TASK PROMPT - Copy each entry verbatim, excluding its images.

RECORD EXTRACTS -
----

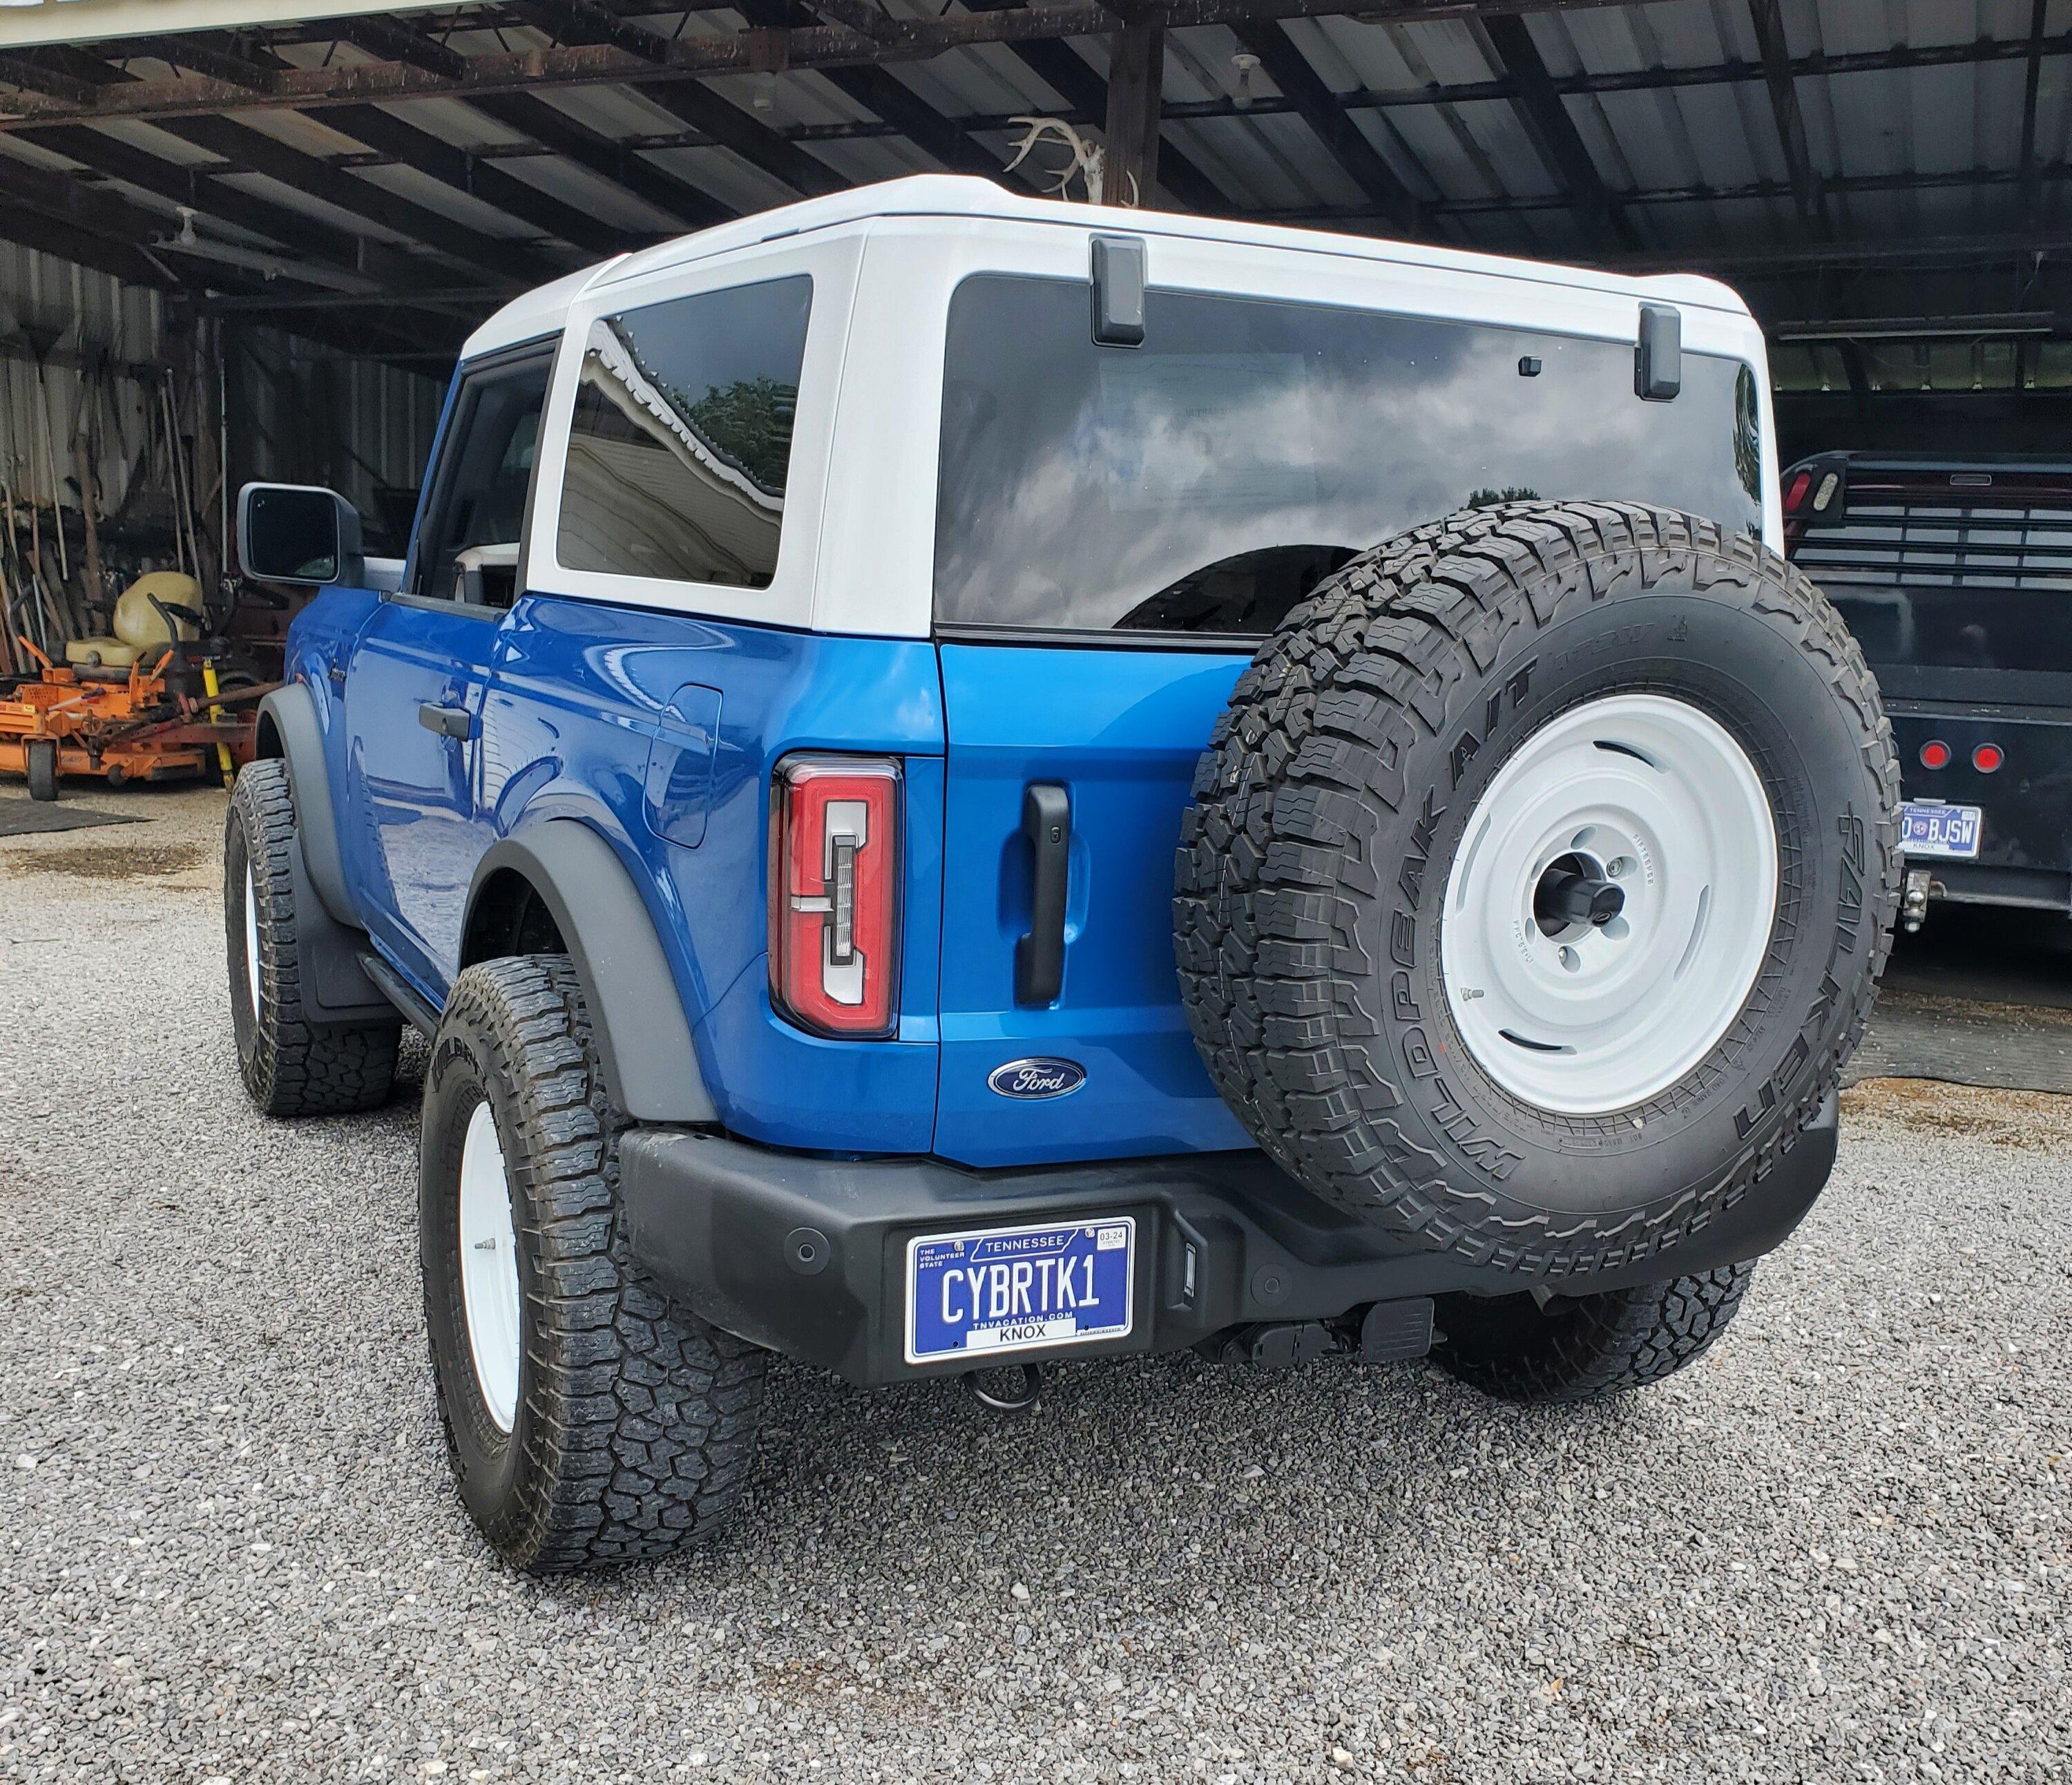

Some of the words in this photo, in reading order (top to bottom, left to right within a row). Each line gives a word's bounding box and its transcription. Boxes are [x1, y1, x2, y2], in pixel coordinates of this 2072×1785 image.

[1449, 655, 1539, 792] A/T
[1928, 818, 1973, 843] BJSW
[1733, 799, 1865, 1140] FALKEN
[1390, 784, 1526, 1181] WILDPEAK
[1013, 1068, 1065, 1091] Ford
[986, 1235, 1064, 1253] TENNESSEE
[1100, 1231, 1123, 1241] 03-24
[920, 1252, 965, 1262] VOLUNTEER
[942, 1254, 1100, 1324] CYBRTK1
[972, 1312, 1073, 1330] TNVACATION.COM
[999, 1324, 1046, 1342] KNOX

----

OUTPUT FOR THIS TASK -
Some of the words in this photo, in reading order (top to bottom, left to right within a row). Each line gives a word's bounding box and its transcription. Boxes are [x1, y1, x2, y2], in pixel coordinates of this 2072×1785 image.

[1449, 655, 1539, 792] A/T
[1928, 818, 1973, 843] BJSW
[1733, 799, 1865, 1140] FALKEN
[1390, 784, 1526, 1181] WILDPEAK
[1013, 1068, 1065, 1091] Ford
[986, 1235, 1064, 1253] TENNESSEE
[1100, 1231, 1123, 1241] 03-24
[920, 1252, 965, 1262] VOLUNTEER
[942, 1254, 1100, 1324] CYBRTK1
[972, 1312, 1073, 1330] TNVACATION.COM
[999, 1324, 1046, 1342] KNOX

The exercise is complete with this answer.